### Required work
Exact copy required. Repeat the records, but keep the pictures out.

### Dataset records
□ □ □

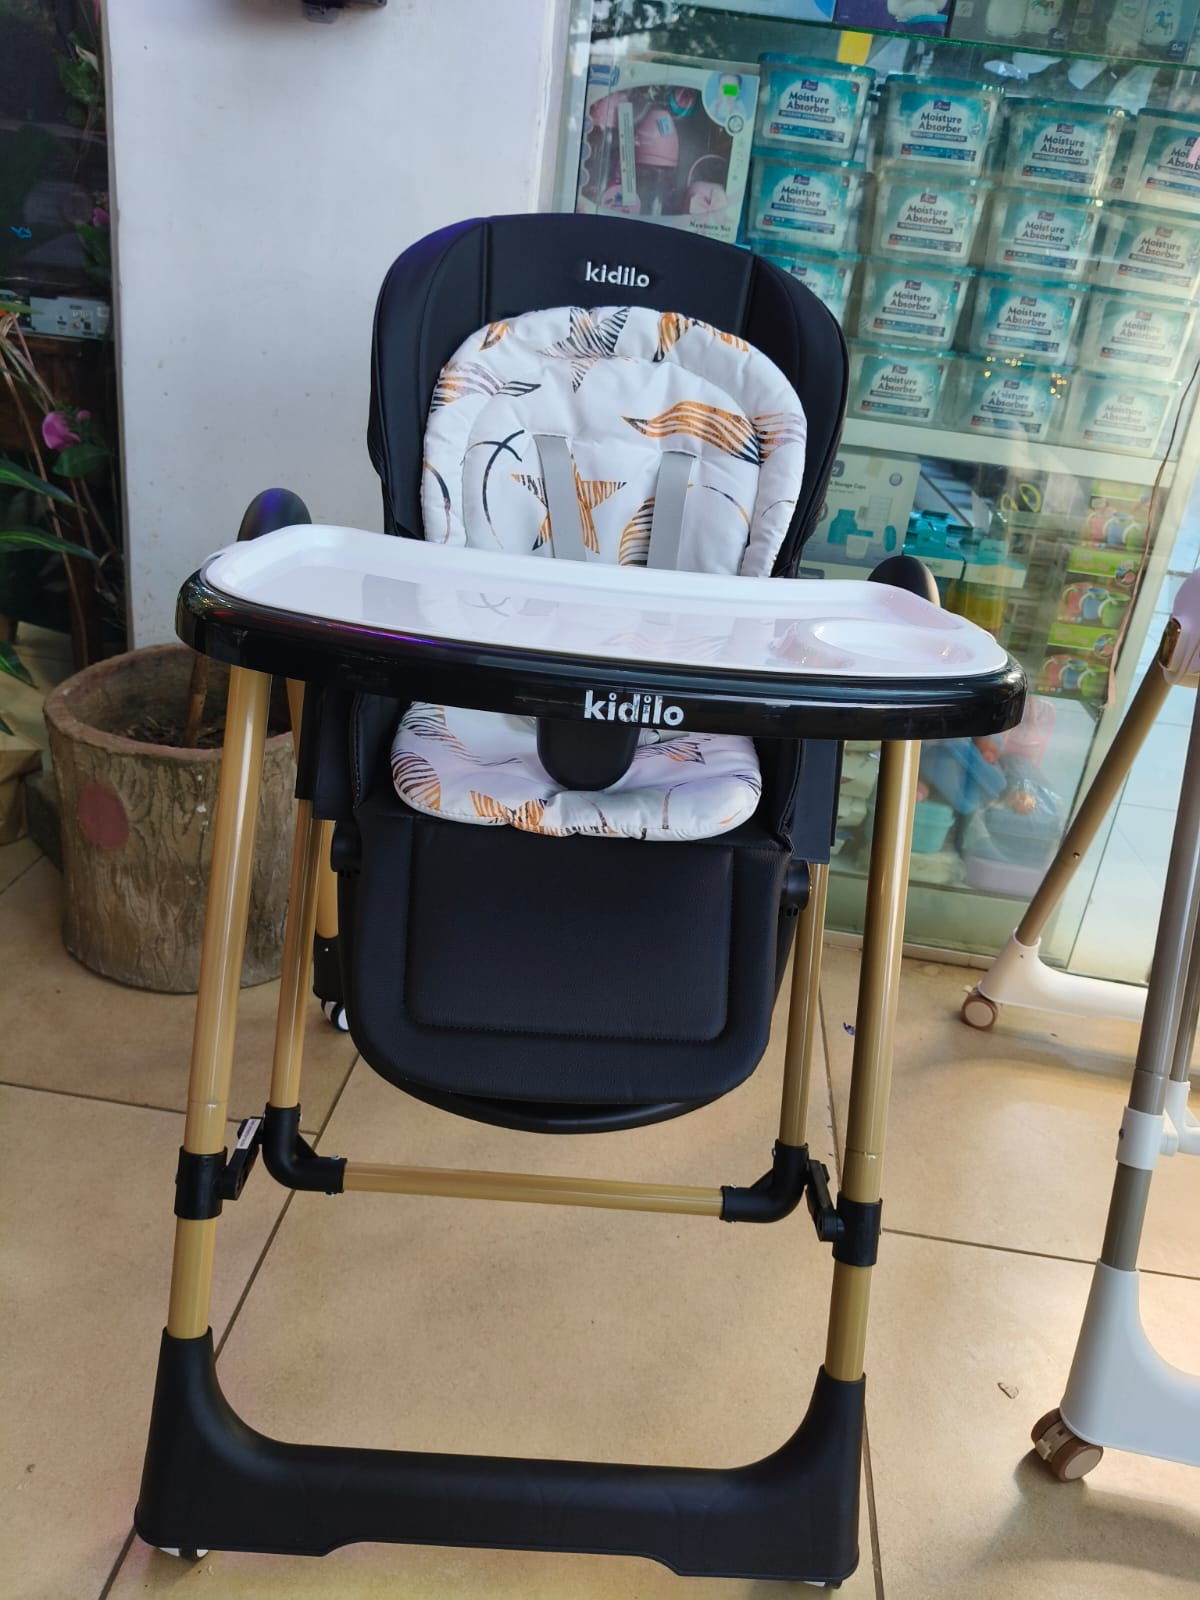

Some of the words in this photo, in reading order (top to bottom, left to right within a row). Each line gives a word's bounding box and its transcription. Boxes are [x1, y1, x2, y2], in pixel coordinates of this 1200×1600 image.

[789, 91, 829, 105] Moisture
[787, 101, 829, 114] Absorber
[921, 112, 962, 124] Moisture
[918, 121, 961, 133] Absorber
[1043, 134, 1085, 147] Moisture
[1040, 144, 1084, 157] Absorber
[781, 186, 821, 198] Moisture
[778, 194, 820, 207] Absorber
[908, 205, 948, 217] Moisture
[905, 212, 947, 226] Absorber
[1025, 221, 1065, 234] Moisture
[1022, 230, 1064, 243] Absorber
[1141, 237, 1181, 251] Moisture
[1138, 245, 1180, 260] Absorber
[585, 261, 650, 287] kidilo
[893, 291, 932, 303] Moisture
[890, 299, 930, 311] Absorber
[1008, 306, 1047, 319] Moisture
[1004, 315, 1046, 328] Absorber
[880, 374, 918, 386] Moisture
[877, 382, 917, 395] Absorber
[988, 397, 1028, 410] Absorber
[584, 689, 684, 726] kidilo

□ □ □

### Completed exercise
Some of the words in this photo, in reading order (top to bottom, left to right within a row). Each line gives a word's bounding box and its transcription. Boxes are [x1, y1, x2, y2], in pixel coordinates of this 1200×1600 image.

[789, 91, 829, 105] Moisture
[787, 101, 829, 114] Absorber
[921, 112, 962, 124] Moisture
[918, 121, 961, 133] Absorber
[1043, 134, 1085, 147] Moisture
[1040, 144, 1084, 157] Absorber
[781, 186, 821, 198] Moisture
[778, 194, 820, 207] Absorber
[908, 205, 948, 217] Moisture
[905, 212, 947, 226] Absorber
[1025, 221, 1065, 234] Moisture
[1022, 230, 1064, 243] Absorber
[1141, 237, 1181, 251] Moisture
[1138, 245, 1180, 260] Absorber
[585, 261, 650, 287] kidilo
[893, 291, 932, 303] Moisture
[890, 299, 930, 311] Absorber
[1008, 306, 1047, 319] Moisture
[1004, 315, 1046, 328] Absorber
[880, 374, 918, 386] Moisture
[877, 382, 917, 395] Absorber
[988, 397, 1028, 410] Absorber
[584, 689, 684, 726] kidilo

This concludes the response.